- [Activity]
Write out every record below exactly as it stands, leaving the pictures out.

Phrase grounding data:
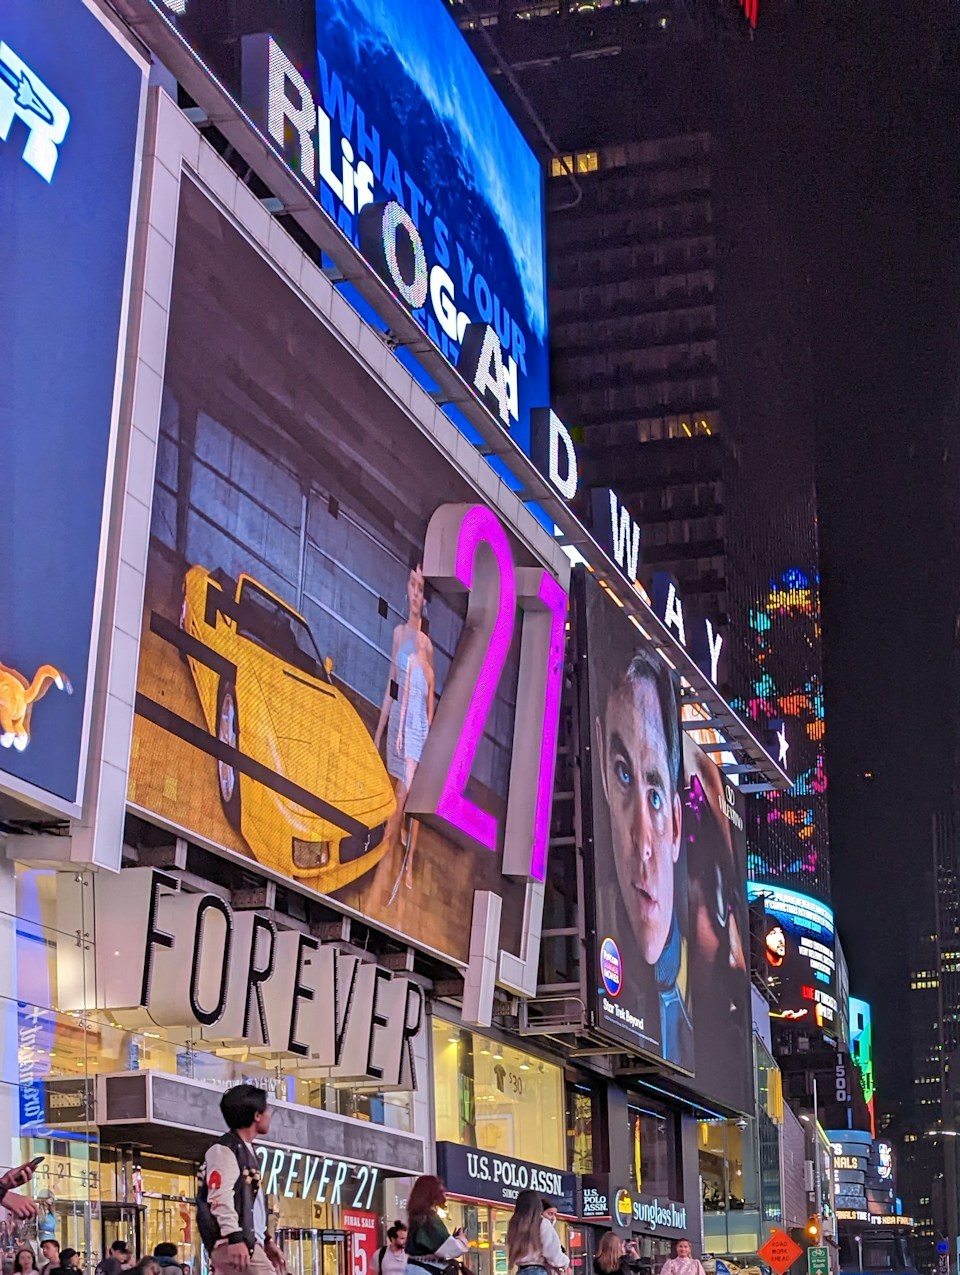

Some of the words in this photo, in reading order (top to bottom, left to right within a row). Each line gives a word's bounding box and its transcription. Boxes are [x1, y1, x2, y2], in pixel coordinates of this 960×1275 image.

[435, 505, 569, 882] 21
[139, 866, 425, 1092] FOREVER
[603, 998, 614, 1015] Star
[614, 1003, 625, 1019] Trek
[625, 1009, 644, 1030] Beyond
[836, 1053, 847, 1102] 1500
[352, 1166, 379, 1210] 21
[467, 1153, 491, 1181] U.S.
[493, 1159, 528, 1189] POLO
[530, 1168, 565, 1197] ASSN.
[584, 1188, 599, 1196] U.S.
[584, 1196, 607, 1204] POLO
[632, 1199, 672, 1230] sunglass
[672, 1203, 687, 1229] hut
[344, 1215, 361, 1228] FINAL
[361, 1217, 375, 1229] SALE

- [Exercise answer]
Some of the words in this photo, in reading order (top to bottom, left to right within a row). Each line gives a word's bounding box and its transcription. Boxes are [x1, y1, x2, y2], in pixel coordinates of this 960×1275 image.

[435, 505, 569, 882] 21
[139, 866, 425, 1092] FOREVER
[603, 998, 614, 1015] Star
[614, 1003, 625, 1019] Trek
[625, 1009, 644, 1030] Beyond
[836, 1053, 847, 1102] 1500
[352, 1166, 379, 1210] 21
[467, 1153, 491, 1181] U.S.
[493, 1159, 528, 1189] POLO
[530, 1168, 565, 1197] ASSN.
[584, 1188, 599, 1196] U.S.
[584, 1196, 607, 1204] POLO
[632, 1199, 672, 1230] sunglass
[672, 1203, 687, 1229] hut
[344, 1215, 361, 1228] FINAL
[361, 1217, 375, 1229] SALE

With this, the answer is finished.